If there is one legitimate reason that Paul George shouldn’t make the All-Star team, it is his home/road splits. They are ugly. In short, he has shot the ball sensationally at home (averaging 21.5 ppg on 48.1% shooting and 49.6% from long range) but proved unable to hit water from a boat on the road (13.8 ppg on 37.2% and 27.0%).
But with the Pacers down a point and under two minutes to play, George calmly cut to the wing to lose himself from a not-paying-attention Rudy Gay as David West penetrated the lane. George squared up, caught a perfect kick-out pass from West and knocked down a shot. It was obviously going in from the second he let it go.
You can almost tell at this point when his three will go in. As long as he is balanced, open and doesn’t float from side-to-side on his release, it’s usually cash. Gay gave him way too much daylight and George caught the ball with all the confidence in the world. Unless I’m forgetting something, that was the biggest shot Paul George has hit on the road this season.
|David West, PF 36 MIN | 7-16 FG | 0-0 FT | 2 REB | 3 AST | 3 STL | 5 BLK | 3 TO | 14 PTS | +1
The blocks, late-game defense and kick-out assist to Paul George near the end were all nice to see.

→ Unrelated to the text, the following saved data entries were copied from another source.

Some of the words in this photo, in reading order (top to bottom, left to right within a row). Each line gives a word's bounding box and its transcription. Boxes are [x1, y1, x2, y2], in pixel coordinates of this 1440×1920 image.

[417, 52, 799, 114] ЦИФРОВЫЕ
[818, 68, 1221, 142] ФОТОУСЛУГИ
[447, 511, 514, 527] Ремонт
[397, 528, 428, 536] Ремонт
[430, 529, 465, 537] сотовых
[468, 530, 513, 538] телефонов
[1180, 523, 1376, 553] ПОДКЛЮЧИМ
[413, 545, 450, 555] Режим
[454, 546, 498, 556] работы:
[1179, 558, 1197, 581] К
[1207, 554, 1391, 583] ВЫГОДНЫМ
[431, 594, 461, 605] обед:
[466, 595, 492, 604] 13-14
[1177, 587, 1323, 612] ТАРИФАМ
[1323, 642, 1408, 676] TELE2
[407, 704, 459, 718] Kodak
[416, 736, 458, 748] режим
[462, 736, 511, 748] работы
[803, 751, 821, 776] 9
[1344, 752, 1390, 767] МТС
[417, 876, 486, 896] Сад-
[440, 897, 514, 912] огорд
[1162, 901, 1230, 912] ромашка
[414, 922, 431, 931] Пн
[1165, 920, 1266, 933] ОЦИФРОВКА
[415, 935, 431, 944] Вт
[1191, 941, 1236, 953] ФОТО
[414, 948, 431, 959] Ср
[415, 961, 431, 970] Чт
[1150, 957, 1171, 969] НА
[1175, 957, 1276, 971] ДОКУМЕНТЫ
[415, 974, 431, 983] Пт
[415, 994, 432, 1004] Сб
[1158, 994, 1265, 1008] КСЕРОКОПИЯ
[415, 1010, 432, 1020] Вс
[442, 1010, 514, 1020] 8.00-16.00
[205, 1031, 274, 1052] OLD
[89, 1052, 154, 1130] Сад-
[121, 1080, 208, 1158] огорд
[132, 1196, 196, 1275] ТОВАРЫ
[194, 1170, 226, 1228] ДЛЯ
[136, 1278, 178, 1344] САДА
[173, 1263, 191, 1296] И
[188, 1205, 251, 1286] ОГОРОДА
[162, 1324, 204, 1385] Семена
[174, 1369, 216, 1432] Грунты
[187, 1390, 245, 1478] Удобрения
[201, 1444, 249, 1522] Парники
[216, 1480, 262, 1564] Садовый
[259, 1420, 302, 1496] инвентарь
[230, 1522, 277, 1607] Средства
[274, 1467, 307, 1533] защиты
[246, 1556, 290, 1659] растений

|Paul George, SF 43 MIN | 5-13 FG | 0-0 FT | 10 REB | 9 AST | 1 STL | 0 BLK | 0 TO | 12 PTS | -4
Nearly added his name to the Pacers’ 2012-13 Triple Double club and played some suffocating defense. If he’s not an All-Star after the versatility he has shown—at both ends of the floor—against Memphis and Houston, I will be shocked.
|Roy Hibbert, C 33 MIN | 4-7 FG | 2-2 FT | 5 REB | 2 AST | 2 STL | 4 BLK | 2 TO | 10 PTS | -2
Big fella started off the game making some shots and ended the game preventing Memphis from doing the same. Indiana will take that.
|George Hill, PG 33 MIN | 5-9 FG | 2-3 FT | 4 REB | 4 AST | 1 STL | 0 BLK | 8 TO | 13 PTS | -2
Earned a trip to the line for the game-winning FT and generally had a good all-around stat line. Gets a demerit for missing one of those two freebies though. If Rudy Gay understood how time works, the Pacers lose because of that miss.
|Lance Stephenson, SG 35 MIN | 3-7 FG | 1-2 FT | 3 REB | 1 AST | 1 STL | 1 BLK | 2 TO | 8 PTS | +2
Wasn’t much of a difference maker.
|Tyler Hansbrough, PF 12 MIN | 4-5 FG | 1-1 FT | 8 REB | 0 AST | 0 STL | 0 BLK | 2 TO | 9 PTS | 0
|Gerald Green, SF 6 MIN | 0-3 FG | 0-0 FT | 0 REB | 0 AST | 0 STL | 0 BLK | 0 TO | 0 PTS | -4
Sometimes forget he is still on the team.
|Ian Mahinmi, C 15 MIN | 2-4 FG | 0-2 FT | 2 REB | 0 AST | 0 STL | 1 BLK | 0 TO | 4 PTS | +3
Didn’t do much. Defense was fine.
|D.J. Augustin, PG 15 MIN | 2-3 FG | 0-1 FT | 0 REB | 3 AST | 0 STL | 0 BLK | 0 TO | 6 PTS | +3
Backup point guarding as backup point-guarding needs to be done. If you factor in how god awfully slow this game was, those six points seem like more. Like wind chill factor.
|Orlando Johnson, SG 12 MIN | 2-2 FG | 0-0 FT | 0 REB | 0 AST | 0 STL | 0 BLK | 3 TO | 6 PTS | +8
Looks like the Pacers bought themselves a nice little player. Had a few “calm down” moments, but that is par for the course with a rookie.
I’m still not sure exactly what happened on the Pacers’ final possession, but I liked it. And anyone who can get his team to play defense this well at 1 o’clock in the afternoon on a Monday deserves some credit.